→ **Goal of the exercise**:
Every entry needs to be written out again exactly.

→ **Data records**:
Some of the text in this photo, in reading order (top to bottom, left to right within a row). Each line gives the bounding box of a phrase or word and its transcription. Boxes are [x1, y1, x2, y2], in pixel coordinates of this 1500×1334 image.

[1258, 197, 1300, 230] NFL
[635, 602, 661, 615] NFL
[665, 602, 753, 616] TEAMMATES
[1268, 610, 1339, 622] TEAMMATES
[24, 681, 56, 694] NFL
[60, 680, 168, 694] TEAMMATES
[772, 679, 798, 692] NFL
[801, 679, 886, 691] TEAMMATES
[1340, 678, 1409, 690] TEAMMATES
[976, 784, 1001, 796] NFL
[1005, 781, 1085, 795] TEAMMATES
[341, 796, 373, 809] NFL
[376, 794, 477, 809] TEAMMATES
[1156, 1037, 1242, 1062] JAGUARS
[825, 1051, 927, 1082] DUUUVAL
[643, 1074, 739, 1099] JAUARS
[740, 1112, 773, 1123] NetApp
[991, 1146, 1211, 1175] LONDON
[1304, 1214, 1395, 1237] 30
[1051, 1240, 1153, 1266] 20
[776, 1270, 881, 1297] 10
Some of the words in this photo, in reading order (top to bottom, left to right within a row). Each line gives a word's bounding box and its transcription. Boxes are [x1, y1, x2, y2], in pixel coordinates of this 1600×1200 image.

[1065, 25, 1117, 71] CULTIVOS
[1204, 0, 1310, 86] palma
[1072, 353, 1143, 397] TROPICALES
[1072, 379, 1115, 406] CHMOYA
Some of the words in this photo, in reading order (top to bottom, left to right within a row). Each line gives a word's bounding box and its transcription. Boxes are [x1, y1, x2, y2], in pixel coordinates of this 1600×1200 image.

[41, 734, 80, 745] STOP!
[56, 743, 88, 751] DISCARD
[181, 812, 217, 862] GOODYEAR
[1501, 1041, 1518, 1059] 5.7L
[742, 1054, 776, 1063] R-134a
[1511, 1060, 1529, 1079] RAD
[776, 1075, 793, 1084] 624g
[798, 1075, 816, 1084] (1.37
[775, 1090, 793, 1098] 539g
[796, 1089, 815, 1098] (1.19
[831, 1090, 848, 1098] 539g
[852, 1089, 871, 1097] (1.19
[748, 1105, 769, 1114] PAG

→ **Exercise output**:
Some of the text in this photo, in reading order (top to bottom, left to right within a row). Each line gives the bounding box of a phrase or word and its transcription. Boxes are [x1, y1, x2, y2], in pixel coordinates of this 1500×1334 image.

[1258, 197, 1300, 230] NFL
[635, 602, 661, 615] NFL
[665, 602, 753, 616] TEAMMATES
[1268, 610, 1339, 622] TEAMMATES
[24, 681, 56, 694] NFL
[60, 680, 168, 694] TEAMMATES
[772, 679, 798, 692] NFL
[801, 679, 886, 691] TEAMMATES
[1340, 678, 1409, 690] TEAMMATES
[976, 784, 1001, 796] NFL
[1005, 781, 1085, 795] TEAMMATES
[341, 796, 373, 809] NFL
[376, 794, 477, 809] TEAMMATES
[1156, 1037, 1242, 1062] JAGUARS
[825, 1051, 927, 1082] DUUUVAL
[643, 1074, 739, 1099] JAUARS
[740, 1112, 773, 1123] NetApp
[991, 1146, 1211, 1175] LONDON
[1304, 1214, 1395, 1237] 30
[1051, 1240, 1153, 1266] 20
[776, 1270, 881, 1297] 10
Some of the words in this photo, in reading order (top to bottom, left to right within a row). Each line gives a word's bounding box and its transcription. Boxes are [x1, y1, x2, y2], in pixel coordinates of this 1600×1200 image.

[1065, 25, 1117, 71] CULTIVOS
[1204, 0, 1310, 86] palma
[1072, 353, 1143, 397] TROPICALES
[1072, 379, 1115, 406] CHMOYA
Some of the words in this photo, in reading order (top to bottom, left to right within a row). Each line gives a word's bounding box and its transcription. Boxes are [x1, y1, x2, y2], in pixel coordinates of this 1600×1200 image.

[41, 734, 80, 745] STOP!
[56, 743, 88, 751] DISCARD
[181, 812, 217, 862] GOODYEAR
[1501, 1041, 1518, 1059] 5.7L
[742, 1054, 776, 1063] R-134a
[1511, 1060, 1529, 1079] RAD
[776, 1075, 793, 1084] 624g
[798, 1075, 816, 1084] (1.37
[775, 1090, 793, 1098] 539g
[796, 1089, 815, 1098] (1.19
[831, 1090, 848, 1098] 539g
[852, 1089, 871, 1097] (1.19
[748, 1105, 769, 1114] PAG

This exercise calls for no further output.